** Opening RECORDS FOR THE TASK block **
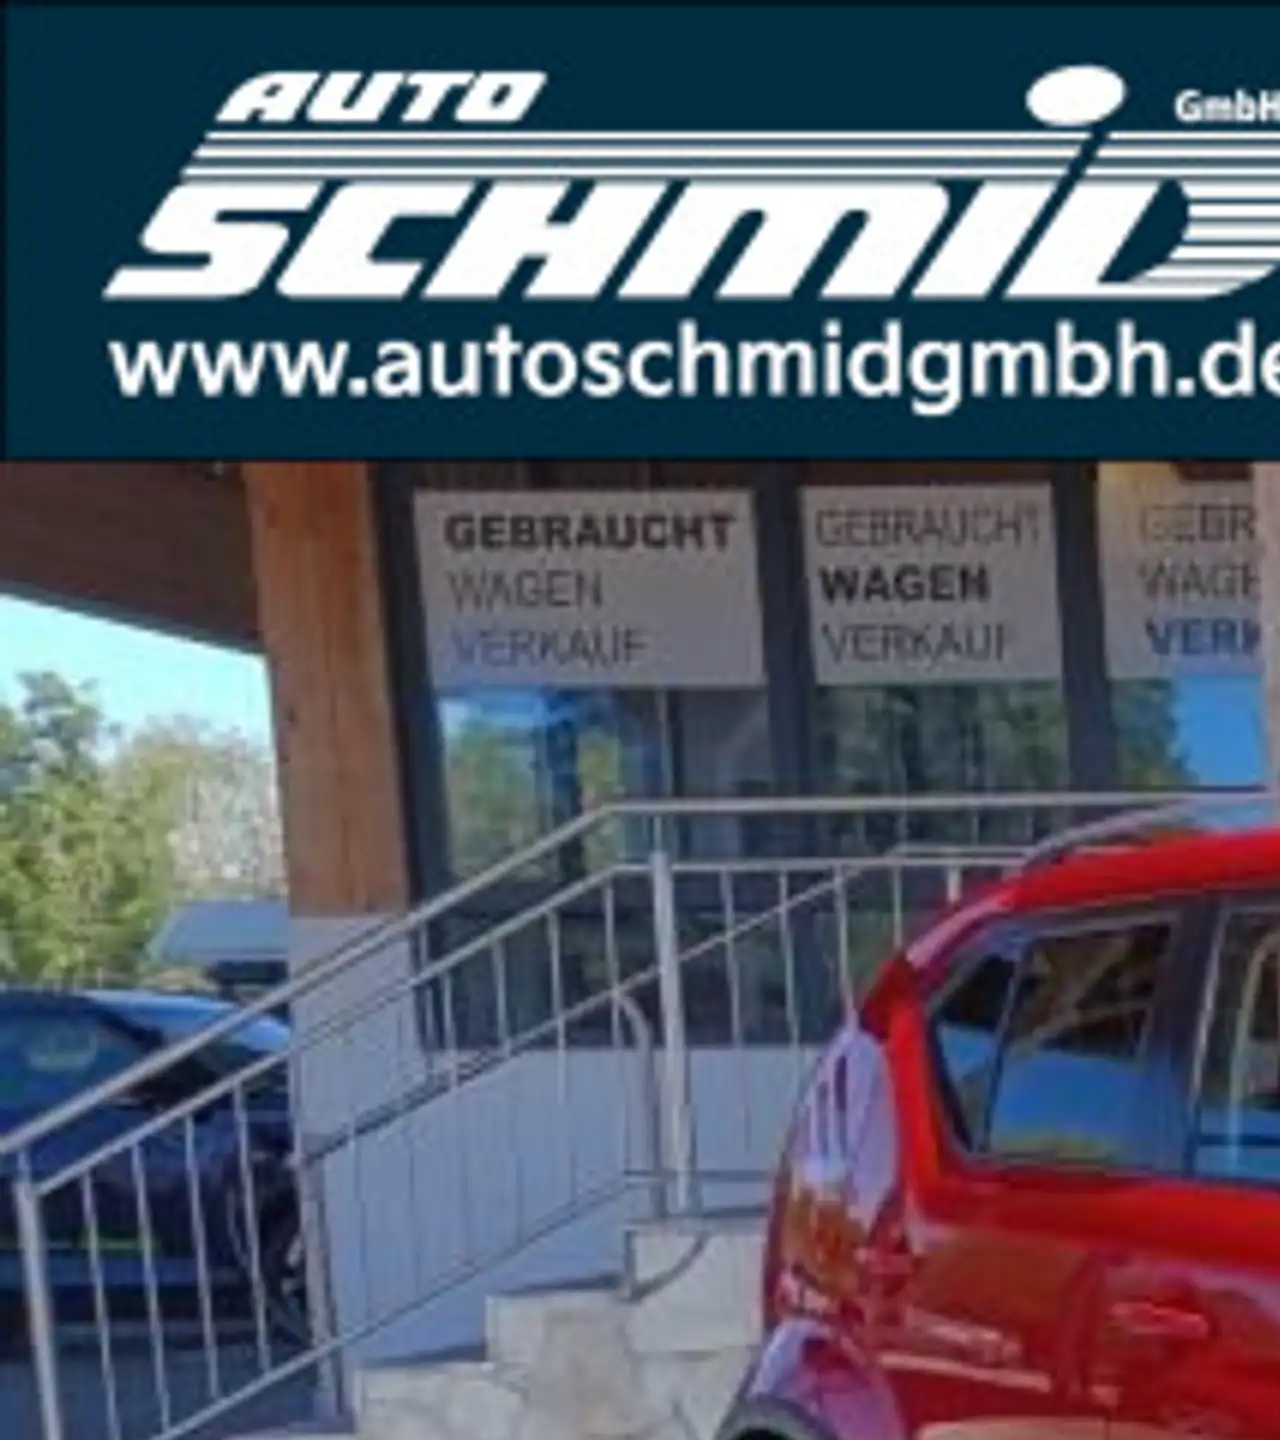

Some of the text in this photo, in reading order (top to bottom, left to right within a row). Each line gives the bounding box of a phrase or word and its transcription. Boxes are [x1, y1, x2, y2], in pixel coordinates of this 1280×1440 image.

[442, 511, 740, 552] GEBRAUCHT
[814, 503, 1042, 548] GEBRAUCHT
[443, 568, 604, 613] WAGEN
[818, 562, 990, 607] WAGEN
[1137, 558, 1262, 601] WAGE
[451, 623, 652, 668] VERKAUF
[820, 620, 1010, 665] VERKAUF
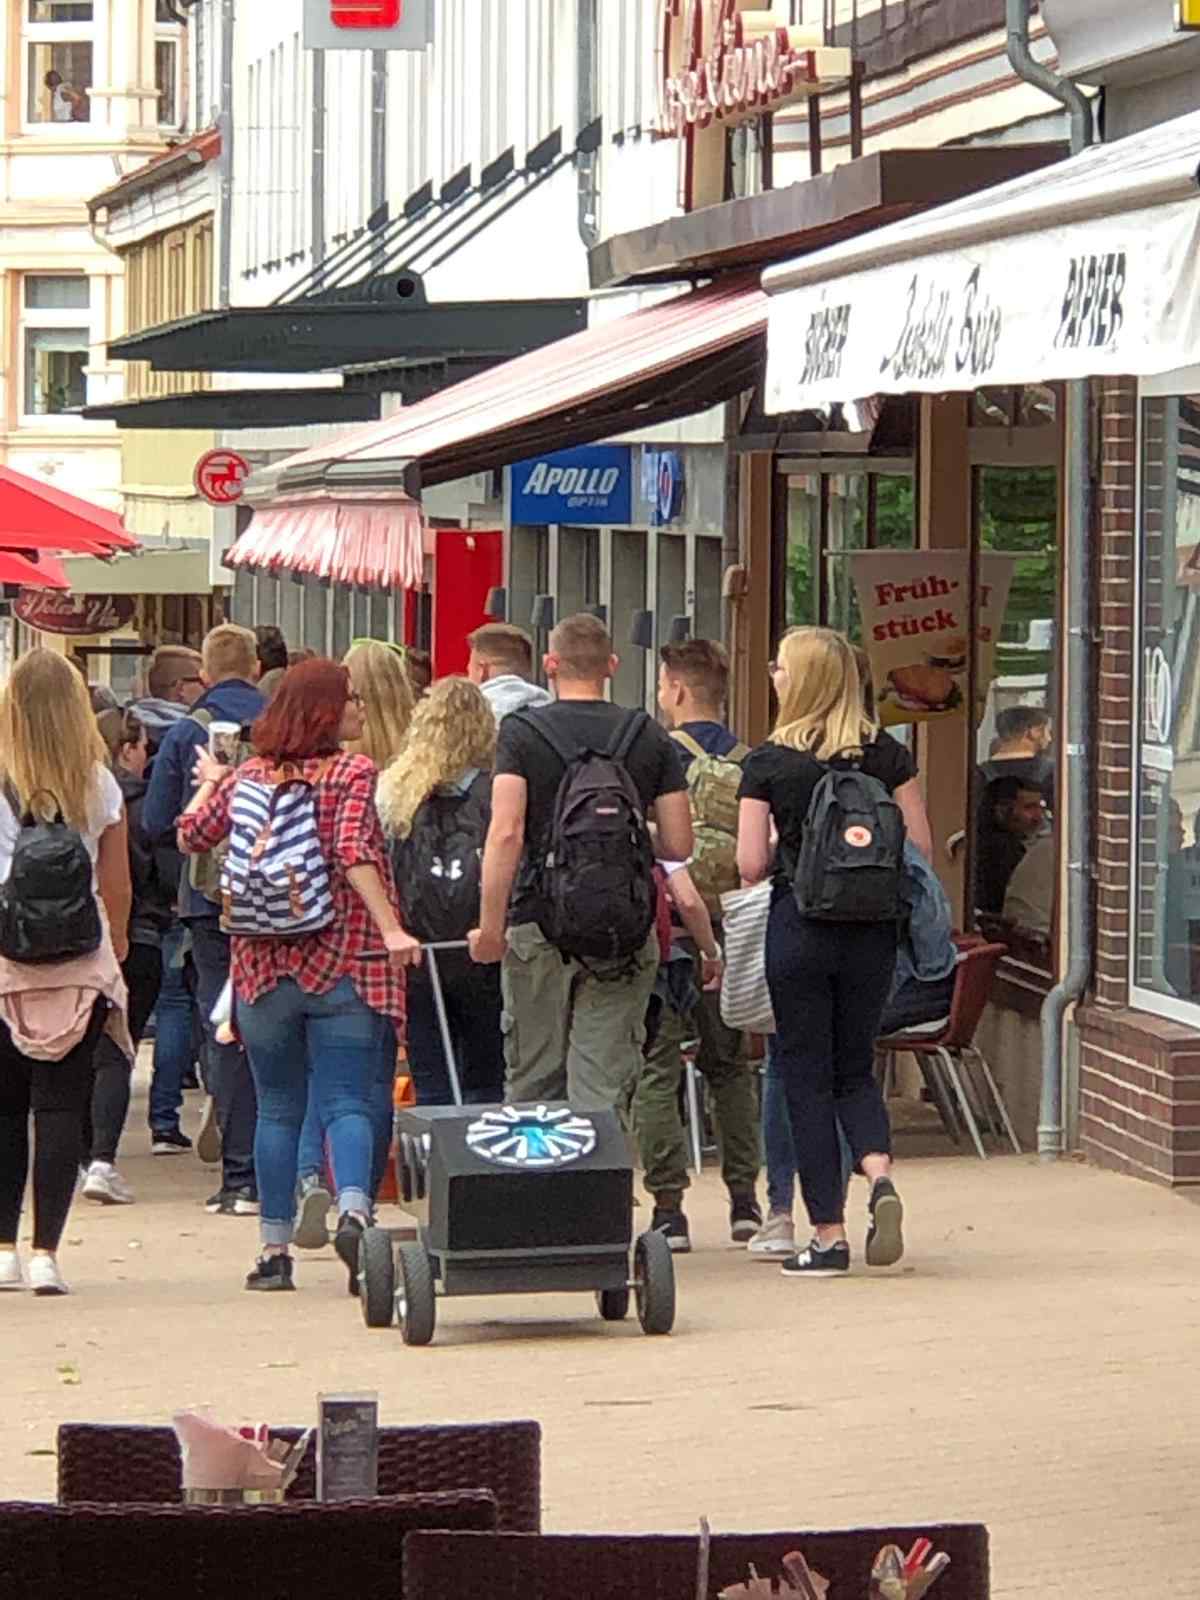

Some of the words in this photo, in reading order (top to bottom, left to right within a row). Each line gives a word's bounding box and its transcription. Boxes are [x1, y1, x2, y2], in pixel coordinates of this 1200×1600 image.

[1053, 252, 1126, 348] PAPIER
[522, 462, 620, 495] APOLLO
[874, 575, 960, 606] Früh-
[872, 608, 958, 641] stück
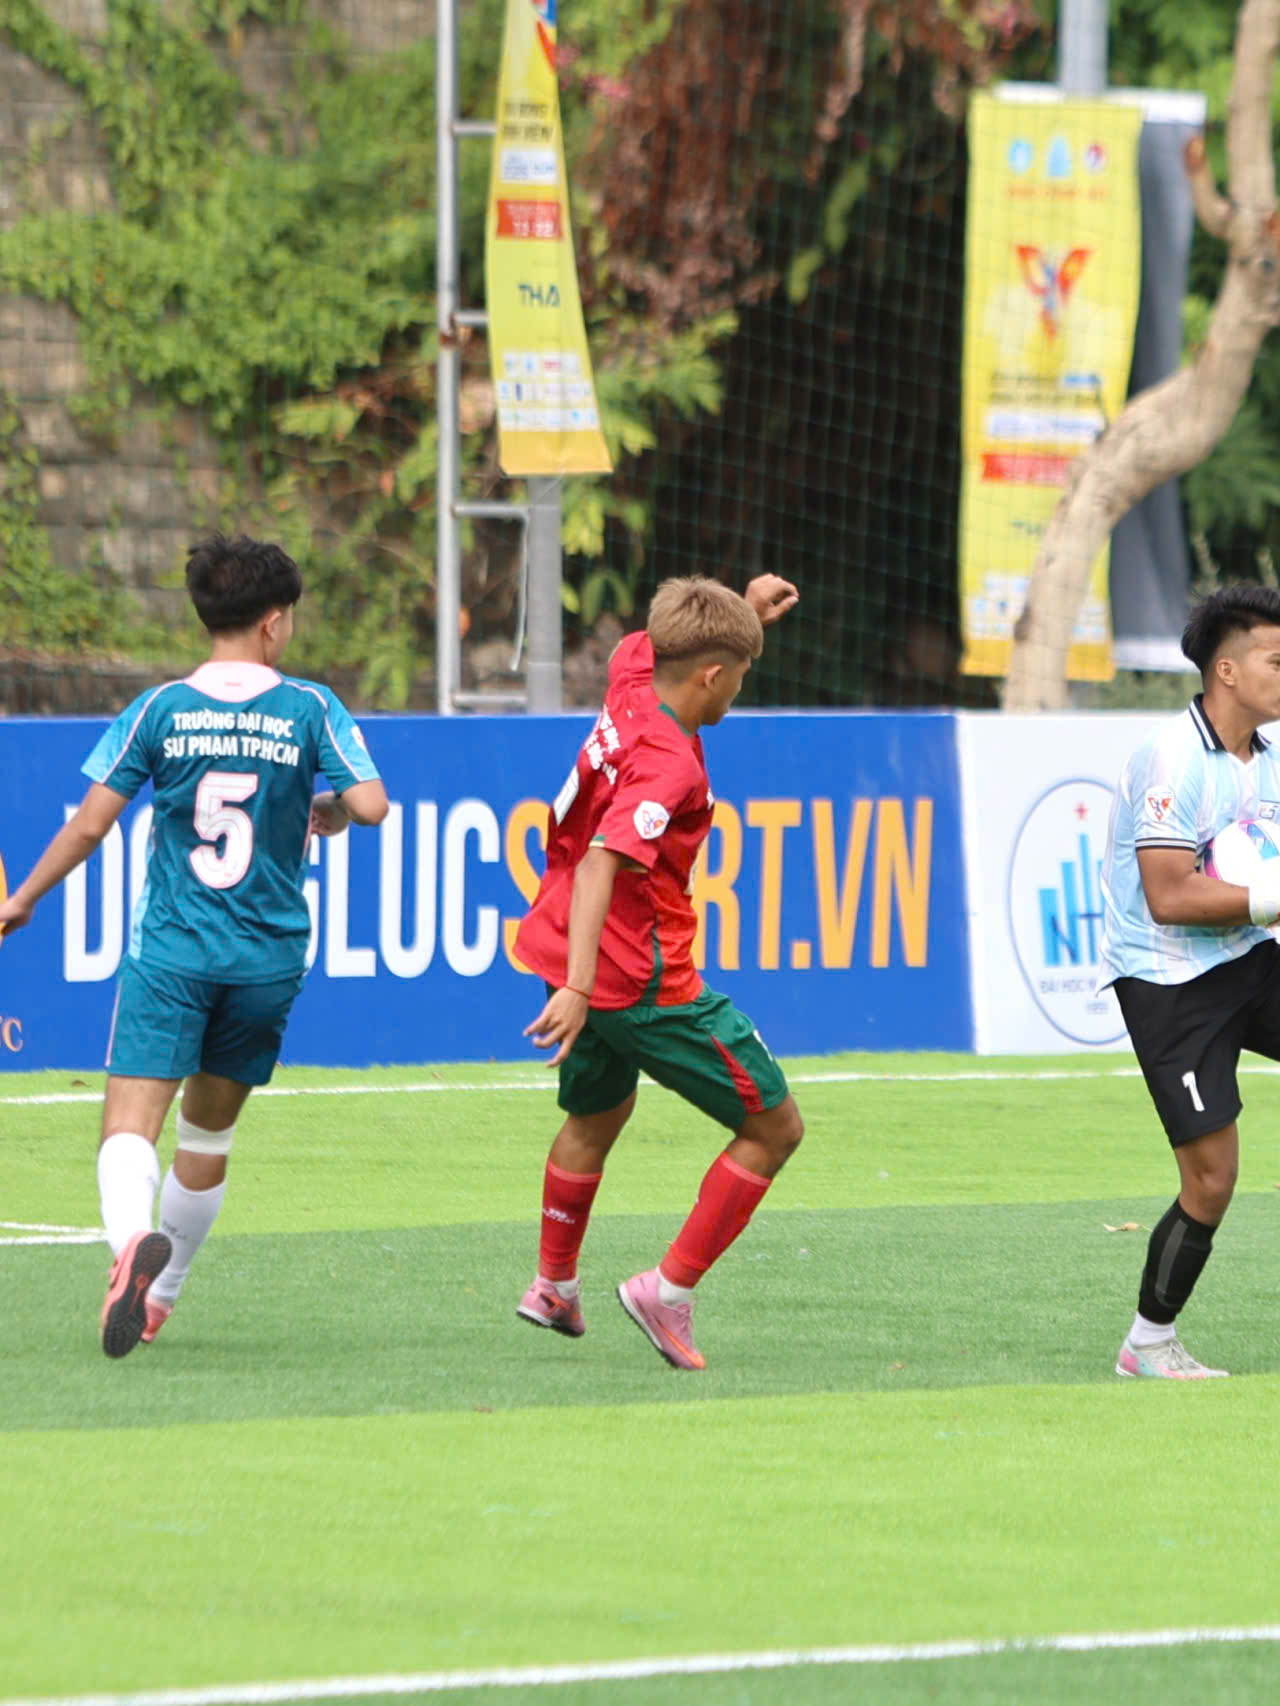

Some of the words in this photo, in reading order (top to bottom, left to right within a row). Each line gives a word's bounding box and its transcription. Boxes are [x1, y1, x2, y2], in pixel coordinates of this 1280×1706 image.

[237, 712, 261, 734] ĐẠI
[262, 715, 294, 739] HỌC
[163, 736, 187, 759] SƯ
[188, 736, 238, 760] PHẠM
[189, 771, 258, 889] 5
[1182, 1071, 1205, 1112] 1
** Closing RECORDS FOR THE TASK block **
» ACTIVITY
Every entry above is to be transcribed exactly, with all pictures left out.

» YOUR RESPONSE
Some of the text in this photo, in reading order (top to bottom, left to right within a row). Each line gives the bounding box of a phrase or word and its transcription. Boxes are [x1, y1, x2, y2], in pixel coordinates of this 1280×1440 image.

[442, 511, 740, 552] GEBRAUCHT
[814, 503, 1042, 548] GEBRAUCHT
[443, 568, 604, 613] WAGEN
[818, 562, 990, 607] WAGEN
[1137, 558, 1262, 601] WAGE
[451, 623, 652, 668] VERKAUF
[820, 620, 1010, 665] VERKAUF

Some of the words in this photo, in reading order (top to bottom, left to right within a row). Each line gives a word's bounding box and its transcription. Boxes are [x1, y1, x2, y2], in pixel coordinates of this 1200×1600 image.

[1053, 252, 1126, 348] PAPIER
[522, 462, 620, 495] APOLLO
[874, 575, 960, 606] Früh-
[872, 608, 958, 641] stück

Some of the words in this photo, in reading order (top to bottom, left to right within a row). Each line gives a word's bounding box and its transcription. Boxes are [x1, y1, x2, y2], in pixel coordinates of this 1280×1706 image.

[237, 712, 261, 734] ĐẠI
[262, 715, 294, 739] HỌC
[163, 736, 187, 759] SƯ
[188, 736, 238, 760] PHẠM
[189, 771, 258, 889] 5
[1182, 1071, 1205, 1112] 1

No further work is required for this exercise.